Alors que le pays entier est profondément divisé sur la révision de la Constitution, le même sujet a servi de terreau à la naissance d’une nouvelle organisation syndicale des magistrats sur fond de conflit.
Depuis le vendredi 13 septembre 2013, l’Association nationale des magistrats (Amab) a été ressuscitée de sa tombe par certains hommes en toge noire. Conduits par le juge Benoît Tchibozo, ils se disent révoltés par ce qui se passe au sein de l’Union nationale des magistrats du Bénin (Unamab), très puissant syndicat qui donne du fil à retordre au pouvoir en place sur l’autel des revendications corporatistes. En fait, l’Amab n’est que l’ancêtre de l’Unamab. Elle est alors une organisation qui a changé de nom avec l’évolution du temps pour devenir Unamab.
Aujourd’hui, il va falloir tenir compte de l’existence des deux organisations. Cela pose un véritable problème, puisque le secteur de la justice, plus spécifiquement la corporation des magistrats est perçue comme une seule église qui a des démembrements avec à la tête une direction qui veille sur les intérêts des membres et la vie de l’organisation. Avec un tel fonctionnement, il sera difficile de voir apparaître des fissures dans la lutte que mènent les magistrats pour la satisfaction de leurs revendications. Les différents présidents de l’Union des magistrats qui se sont succédé ont veillé à ce que la maison soit solide avec une fondation qui devrait résister à toutes les intempéries.
Désormais, on peut craindre qu’une certaine dichotomie s’installe avec l’arrivée d’une seconde organisation. Si l’Amab commence à dénoncer la gestion du président Michel Adjaka et que ce dernier n’a pas été non plus tendre dans sa contre-offensive, cela montre bien que les magistrats sont divisés. Au-delà des magistrats, c’est la justice tout entière qui sera marquée par cette crise entre l’Amab et l’Unamab, avec au centre le débat sur la révision de la Constitution.

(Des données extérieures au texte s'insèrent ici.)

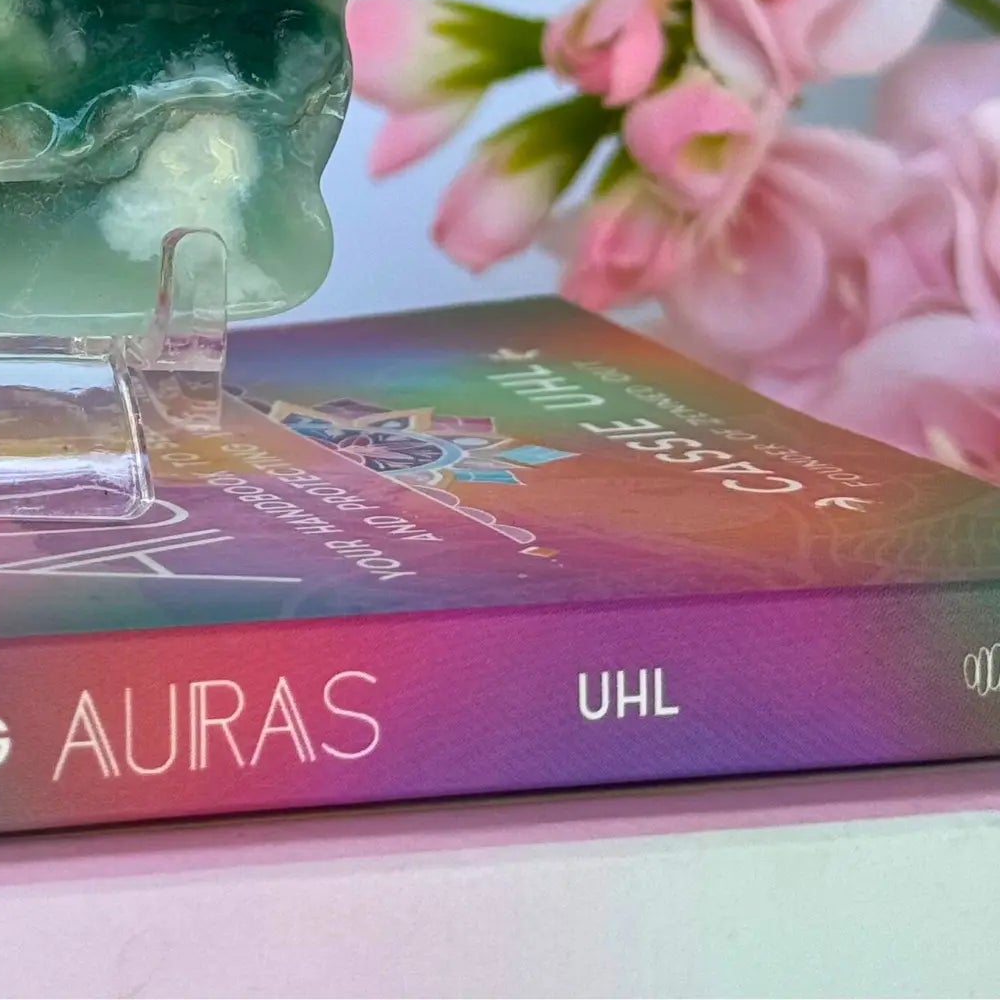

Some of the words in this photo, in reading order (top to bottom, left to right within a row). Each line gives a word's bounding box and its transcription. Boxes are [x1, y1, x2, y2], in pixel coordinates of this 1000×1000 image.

D’après l’appel d’avant le Congrès lancé par l’Amab, c’est ce sujet qui a été la goutte d’eau qui a fait déborder le vase. La position publique prise par l’Unamab en demandant au chef de l’Etat de retirer le projet de révision de la Constitution lors de la cérémonie de passation de charges entre les ministres de la Justice sortant et entrant aurait suscité des critiques à tel point qu’elle a révolté les membres fondateurs de la nouvelle organisation. Mais alors pour le président Michel Adjaka, il s’agit d’affabulations.
Il montre que le projet de révision du chef de l’Etat vise à affaiblir la justice et face à une telle menace, la réponse était de dire un non catégorique au projet. Ce qu’il déplore dans la démarche de ses collègues contestataires, c’est qu’ils n’ont pas attendu l’Assemblée générale, cadre indiqué pour exprimer leurs revendications et demander des comptes au bureau. Au lendemain de la création de l’Amab, on constate que très peu de magistrats jubilent, car beaucoup estiment que c’est une erreur de choisir comme ligne de défense, la prise de position de l’Unamab contre le projet de révision de la Constitution.
FN
Le pouvoir de Yayi est-il dans le coup ?
Pourquoi il y a tant de division dans bon nombre de milieux socioprofessionnels ? La plupart des observateurs avancent que c’est le Pouvoir en place qui orchestre une telle situation. La mise en relief de la question de la révision de la Constitution par l’Amab renforce les soupçons selon lesquels, c’est le gouvernement qui entretient le conflit entre les magistrats. Quoi qu’il en soit, l’actualité de la révision de la Constitution alimente les querelles dans les rangs des magistrats.
L’Amab n’a pas été d’accord que l’Unamab suggère au chef de l’Etat de renoncer au projet et de le soumettre à une étude dont se chargera une équipe au sein de laquelle l’Unamab se porte volontiers à en faire partie. En somme, le débat sur la révision de la Constitution ne fait qu’aggraver la fracture au sein de la société béninoise. Et, le gouvernement se retrouvant de plus en plus seul et sans allié de taille face au projet, préfère utiliser l’arme de la division pour casser l’élan collectif contre son machin.